What causes my monitor screen to roll downward, sometimes violently like its having a spasm? How can I stop it?


----------



## sinclair_tm (Mar 11, 2005)

Are you talking like long web pages or documents? Did you click the center button on your mouse (the scroll wheel) then move the mouse to the bottom of your screen?


----------



## dtonne (Mar 28, 2012)

E-mail and websites roll downward. Have tried controlling it with mouse and scroll bar, but it continues rolling while it is having a "fit,"
Right this moment it is still. Is the problem in the monitor itself, or in the computer? thanks for your effort to help.
dt


----------



## sinclair_tm (Mar 11, 2005)

I'd think it's the computer. Can you create another user account and see if it happens when logged into that account.


----------



## dtonne (Mar 28, 2012)

Thanks so much for the suggestion.....I'll try another account and see if the screen still rolls. Could it have anything to do with ads being loaded on to the site I have open? Is there such a thing as overload, which would cause a screen to have a spasm?

dt


----------



## sinclair_tm (Mar 11, 2005)

No, it's scrolling because it things it's suppose to. Have you made sure that the down arrow key isn't stuck?


----------



## dtonne (Mar 28, 2012)

thanks for the reply, sinclair. No, the down key isn't stuck. The screen will be still for a while, like right now, and then all of a sudden the scroll bar will start zooming for the bottom, then go up and down very fast.
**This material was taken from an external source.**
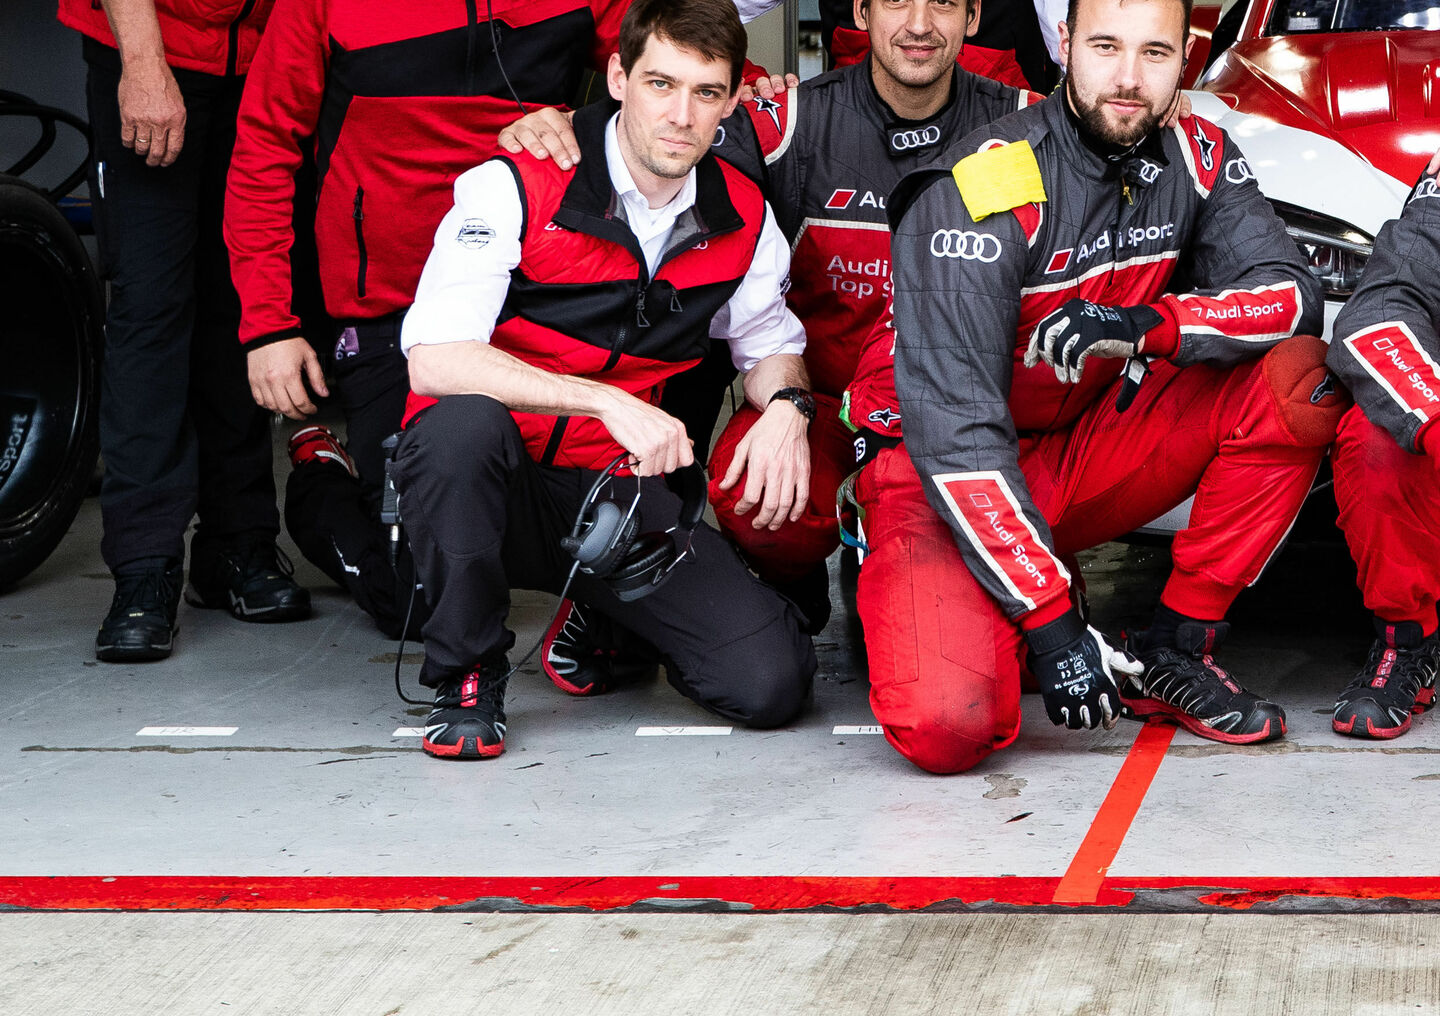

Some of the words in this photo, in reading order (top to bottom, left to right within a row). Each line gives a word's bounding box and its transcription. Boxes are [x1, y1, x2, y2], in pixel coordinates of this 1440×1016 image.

I try to control it with the mouse, both on the scroll bar or on the Up arrow, but it is like fighting to control a strong fish on the end of your line!
This is an old Mac and old monitor, and I'm ready to give it back to the
"friend" who convinced me to buy it from him!

dt


----------



## sinclair_tm (Mar 11, 2005)

Does it do it on a different account? Also, have you tried starting in safe mode to see if it still does it?


----------